Work instruction
Reproduce the records below in their entirety, character for character.
(Material shown Opens)
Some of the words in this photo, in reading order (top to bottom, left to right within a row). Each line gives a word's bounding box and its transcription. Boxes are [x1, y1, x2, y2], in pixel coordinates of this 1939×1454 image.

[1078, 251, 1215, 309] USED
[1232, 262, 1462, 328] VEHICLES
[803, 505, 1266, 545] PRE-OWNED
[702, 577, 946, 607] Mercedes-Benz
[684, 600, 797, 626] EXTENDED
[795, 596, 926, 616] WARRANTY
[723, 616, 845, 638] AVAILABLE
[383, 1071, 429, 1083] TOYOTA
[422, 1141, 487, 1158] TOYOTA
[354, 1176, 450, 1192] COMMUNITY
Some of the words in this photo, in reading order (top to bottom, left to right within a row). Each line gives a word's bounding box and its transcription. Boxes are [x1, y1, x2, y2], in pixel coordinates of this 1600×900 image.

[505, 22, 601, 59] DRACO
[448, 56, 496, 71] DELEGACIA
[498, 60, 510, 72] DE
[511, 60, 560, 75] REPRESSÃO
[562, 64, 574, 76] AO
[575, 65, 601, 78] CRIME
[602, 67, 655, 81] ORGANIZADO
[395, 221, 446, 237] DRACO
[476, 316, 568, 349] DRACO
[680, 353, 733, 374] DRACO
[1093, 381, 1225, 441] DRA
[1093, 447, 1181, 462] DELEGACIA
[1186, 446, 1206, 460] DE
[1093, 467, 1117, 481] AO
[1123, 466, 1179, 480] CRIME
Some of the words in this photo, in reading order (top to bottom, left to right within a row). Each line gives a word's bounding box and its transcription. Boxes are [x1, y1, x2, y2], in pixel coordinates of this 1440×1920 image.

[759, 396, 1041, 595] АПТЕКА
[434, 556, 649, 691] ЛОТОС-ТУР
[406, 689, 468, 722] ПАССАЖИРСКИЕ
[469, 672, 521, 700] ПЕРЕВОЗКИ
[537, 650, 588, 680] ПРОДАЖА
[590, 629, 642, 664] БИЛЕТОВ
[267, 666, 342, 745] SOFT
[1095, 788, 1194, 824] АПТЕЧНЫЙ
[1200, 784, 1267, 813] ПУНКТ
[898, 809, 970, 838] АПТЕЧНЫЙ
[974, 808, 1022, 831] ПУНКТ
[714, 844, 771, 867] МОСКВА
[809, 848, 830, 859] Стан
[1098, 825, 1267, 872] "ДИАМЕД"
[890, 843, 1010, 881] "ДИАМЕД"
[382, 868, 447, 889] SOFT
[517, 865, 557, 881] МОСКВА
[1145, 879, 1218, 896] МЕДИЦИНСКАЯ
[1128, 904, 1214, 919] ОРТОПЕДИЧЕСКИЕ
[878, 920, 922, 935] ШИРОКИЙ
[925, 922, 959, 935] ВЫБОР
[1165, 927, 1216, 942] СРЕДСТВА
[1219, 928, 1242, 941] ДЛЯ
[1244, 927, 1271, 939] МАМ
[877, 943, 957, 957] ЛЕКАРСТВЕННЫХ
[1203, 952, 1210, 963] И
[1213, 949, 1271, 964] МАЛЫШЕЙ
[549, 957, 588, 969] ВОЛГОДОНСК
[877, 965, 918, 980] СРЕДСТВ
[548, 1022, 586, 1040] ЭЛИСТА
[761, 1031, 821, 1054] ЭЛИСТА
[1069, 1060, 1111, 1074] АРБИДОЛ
(Material shown Closes)
Output below
Some of the words in this photo, in reading order (top to bottom, left to right within a row). Each line gives a word's bounding box and its transcription. Boxes are [x1, y1, x2, y2], in pixel coordinates of this 1939×1454 image.

[1078, 251, 1215, 309] USED
[1232, 262, 1462, 328] VEHICLES
[803, 505, 1266, 545] PRE-OWNED
[702, 577, 946, 607] Mercedes-Benz
[684, 600, 797, 626] EXTENDED
[795, 596, 926, 616] WARRANTY
[723, 616, 845, 638] AVAILABLE
[383, 1071, 429, 1083] TOYOTA
[422, 1141, 487, 1158] TOYOTA
[354, 1176, 450, 1192] COMMUNITY
Some of the words in this photo, in reading order (top to bottom, left to right within a row). Each line gives a word's bounding box and its transcription. Boxes are [x1, y1, x2, y2], in pixel coordinates of this 1600×900 image.

[505, 22, 601, 59] DRACO
[448, 56, 496, 71] DELEGACIA
[498, 60, 510, 72] DE
[511, 60, 560, 75] REPRESSÃO
[562, 64, 574, 76] AO
[575, 65, 601, 78] CRIME
[602, 67, 655, 81] ORGANIZADO
[395, 221, 446, 237] DRACO
[476, 316, 568, 349] DRACO
[680, 353, 733, 374] DRACO
[1093, 381, 1225, 441] DRA
[1093, 447, 1181, 462] DELEGACIA
[1186, 446, 1206, 460] DE
[1093, 467, 1117, 481] AO
[1123, 466, 1179, 480] CRIME
Some of the words in this photo, in reading order (top to bottom, left to right within a row). Each line gives a word's bounding box and its transcription. Boxes are [x1, y1, x2, y2], in pixel coordinates of this 1440×1920 image.

[759, 396, 1041, 595] АПТЕКА
[434, 556, 649, 691] ЛОТОС-ТУР
[406, 689, 468, 722] ПАССАЖИРСКИЕ
[469, 672, 521, 700] ПЕРЕВОЗКИ
[537, 650, 588, 680] ПРОДАЖА
[590, 629, 642, 664] БИЛЕТОВ
[267, 666, 342, 745] SOFT
[1095, 788, 1194, 824] АПТЕЧНЫЙ
[1200, 784, 1267, 813] ПУНКТ
[898, 809, 970, 838] АПТЕЧНЫЙ
[974, 808, 1022, 831] ПУНКТ
[714, 844, 771, 867] МОСКВА
[809, 848, 830, 859] Стан
[1098, 825, 1267, 872] "ДИАМЕД"
[890, 843, 1010, 881] "ДИАМЕД"
[382, 868, 447, 889] SOFT
[517, 865, 557, 881] МОСКВА
[1145, 879, 1218, 896] МЕДИЦИНСКАЯ
[1128, 904, 1214, 919] ОРТОПЕДИЧЕСКИЕ
[878, 920, 922, 935] ШИРОКИЙ
[925, 922, 959, 935] ВЫБОР
[1165, 927, 1216, 942] СРЕДСТВА
[1219, 928, 1242, 941] ДЛЯ
[1244, 927, 1271, 939] МАМ
[877, 943, 957, 957] ЛЕКАРСТВЕННЫХ
[1203, 952, 1210, 963] И
[1213, 949, 1271, 964] МАЛЫШЕЙ
[549, 957, 588, 969] ВОЛГОДОНСК
[877, 965, 918, 980] СРЕДСТВ
[548, 1022, 586, 1040] ЭЛИСТА
[761, 1031, 821, 1054] ЭЛИСТА
[1069, 1060, 1111, 1074] АРБИДОЛ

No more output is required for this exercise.